La partie civile a profité de cette occasion pour solliciter — et obtenir — que la République démocratique du Congo, en sa qualité d’employeur du docteur David Balanganayi, comparaisse à la prochaine audience en tant que civilement responsable.
Cette deuxième audience, tenue le lundi 30 mars, a été riche en révélations et en émotions. Un moment marquant a particulièrement retenu l’attention : le prévenu, David Balanganayi, a fondu en larmes en tentant d’expliquer aux juges que son geste visait uniquement à sauver une vie humaine, ce qui, selon lui, a effectivement été accompli. C’est d’ailleurs sur cette séquence empreinte d’émotion que l’audience s’est achevée.
Le docteur Balanganayi a été rejoint par des membres de sa famille ainsi que par plusieurs femmes présentes à l’audience, venues partager ce moment de recueillement.
L’audience a été essentiellement consacrée à la comparution du médecin directeur de l’Hôpital général de référence de Kinkole, José Lumengamu, ainsi que du médecin chef de staff, Samy Tessi.
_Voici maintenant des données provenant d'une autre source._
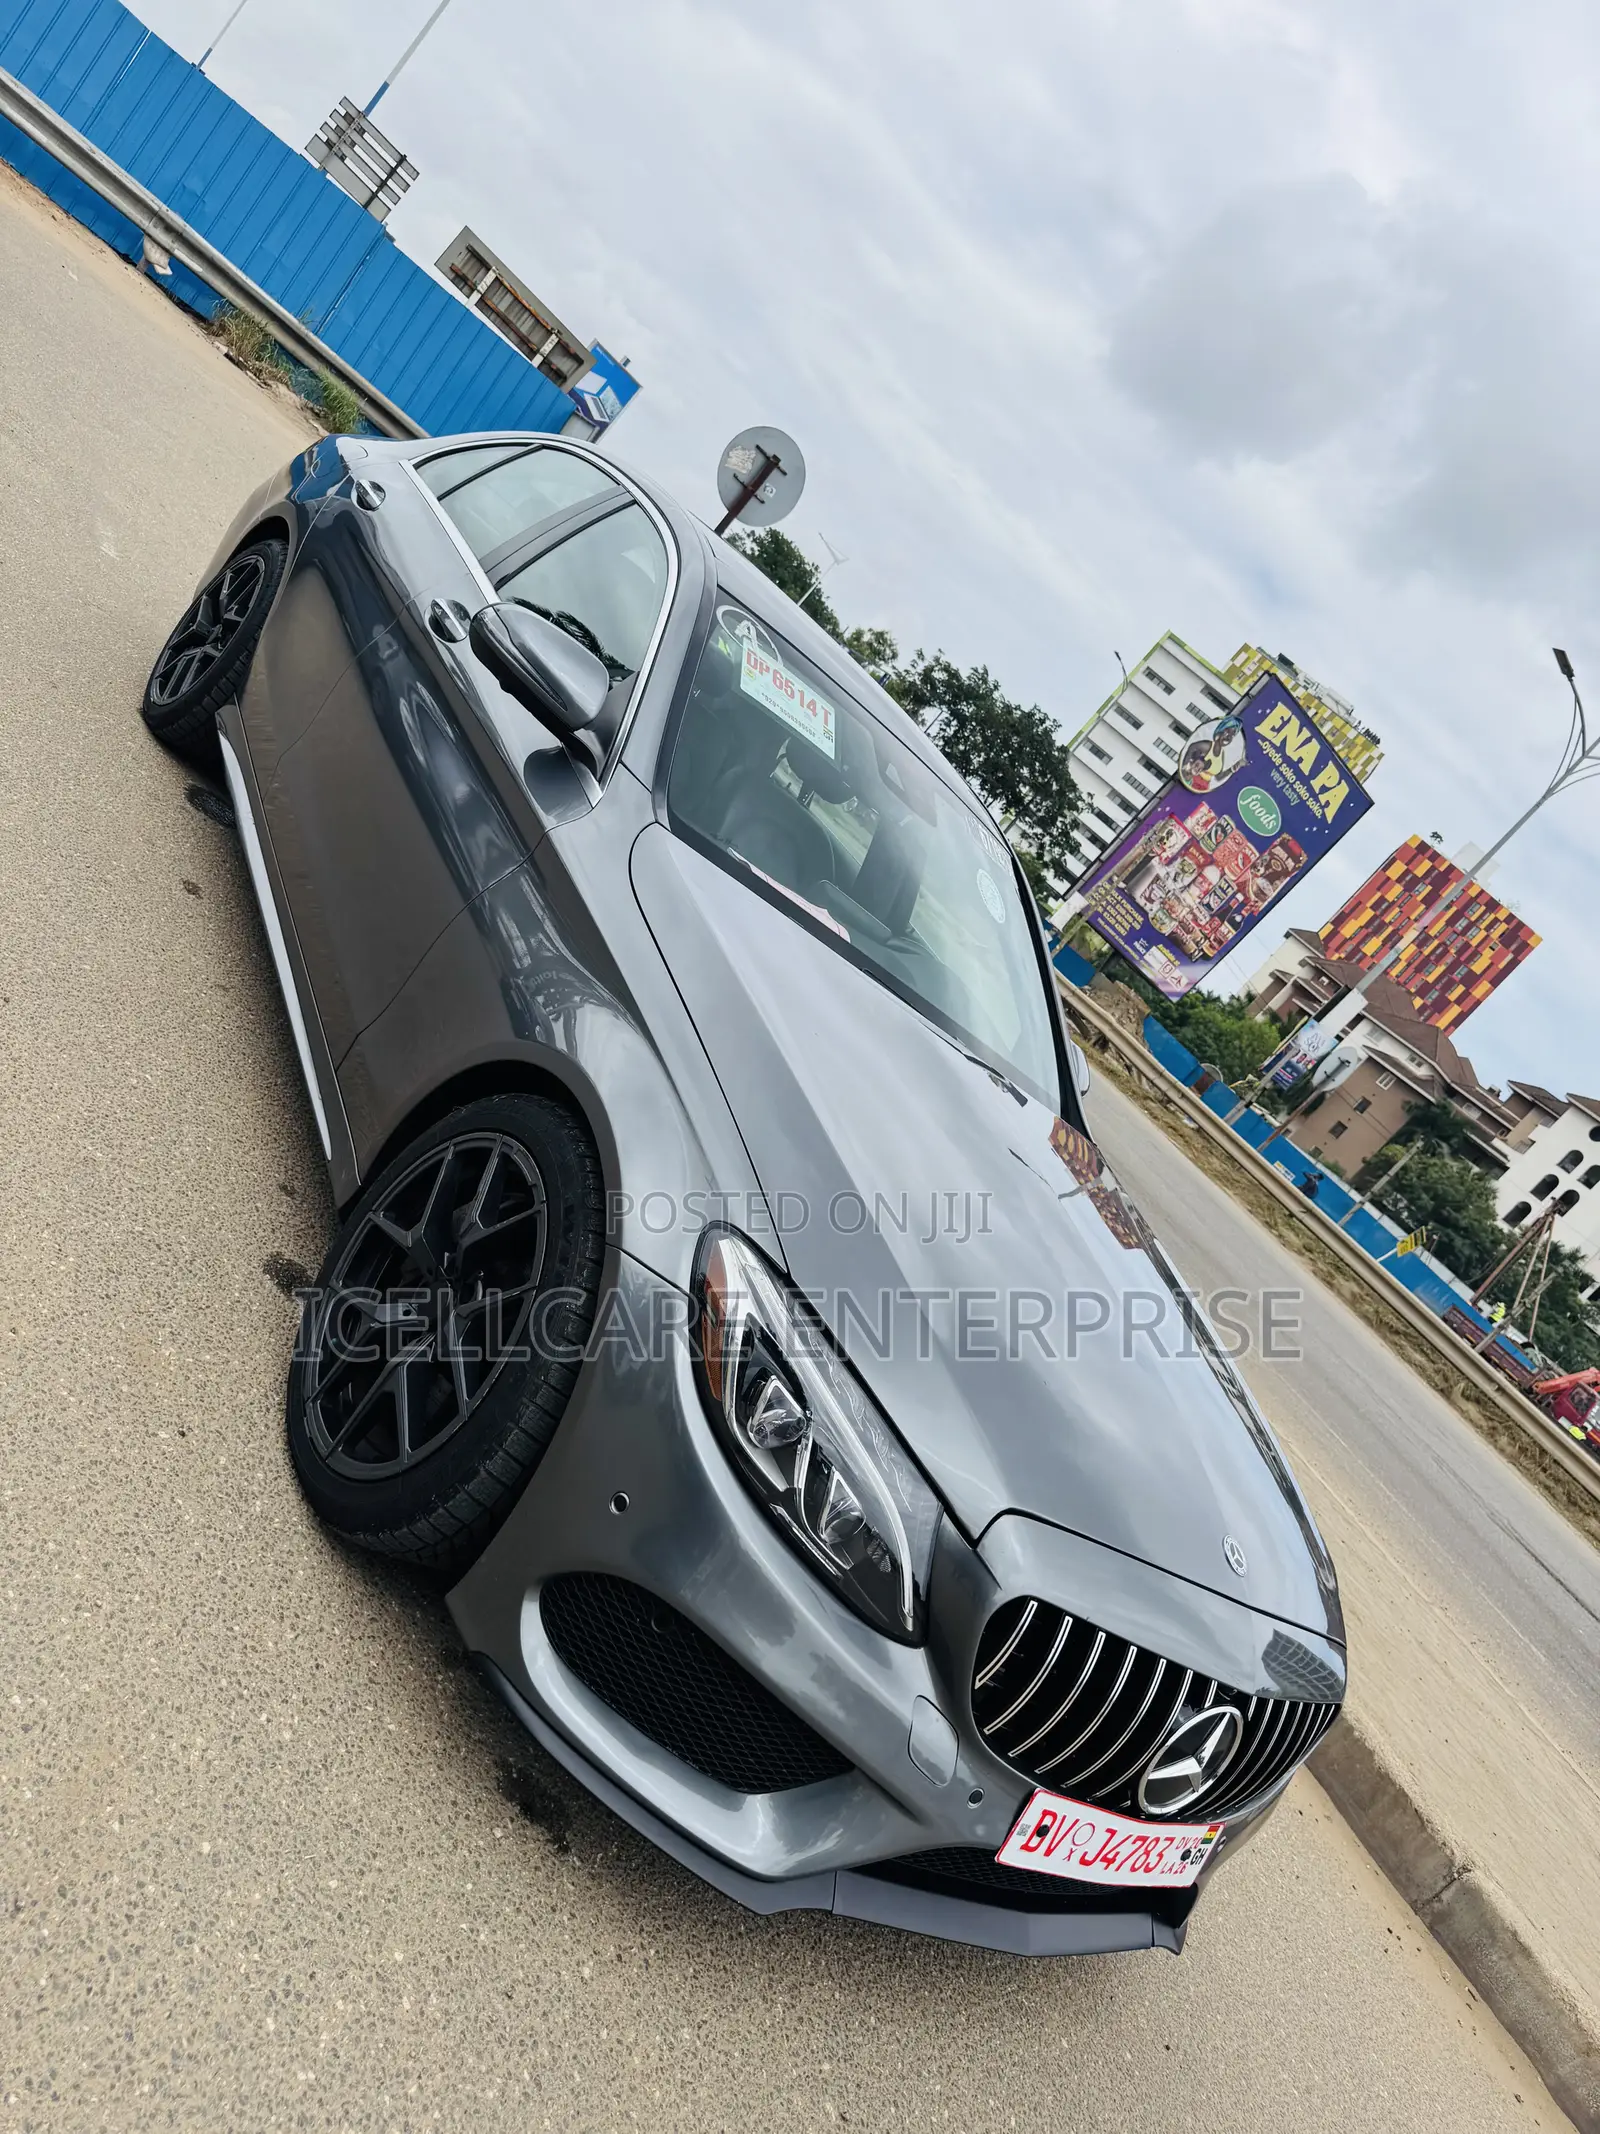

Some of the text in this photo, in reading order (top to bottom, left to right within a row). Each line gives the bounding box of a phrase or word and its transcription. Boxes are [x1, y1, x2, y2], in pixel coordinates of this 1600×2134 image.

Répondant aux questions des juges, le premier a affirmé qu’il n’est en aucun cas admissible pour un médecin de porter des coups à un patient, même en cas de refus de collaboration.
Évoquant l’état de nécessité, le médecin chef de staff a, quant à lui, saisi cette tribune pour présenter ses excuses à toutes les femmes de la République, à la suite de cette scène inédite survenue à l’hôpital.
Il convient de rappeler que ce procès fait suite à une vive indignation nationale provoquée par la diffusion d’une vidéo devenue virale, dans laquelle on voit un médecin asséner des coups à une femme allongée sur un lit d’hôpital.
Selon les faits rapportés, la patiente, qui venait d’accoucher, souffrait d’une hémorragie importante. Elle refusait cependant toute intervention médicale.
Face à l’urgence et au risque élevé de décès, le médecin aurait eu recours à la force dans le but de stopper l’hémorragie. In fine, la vie de la patiente a été sauvée.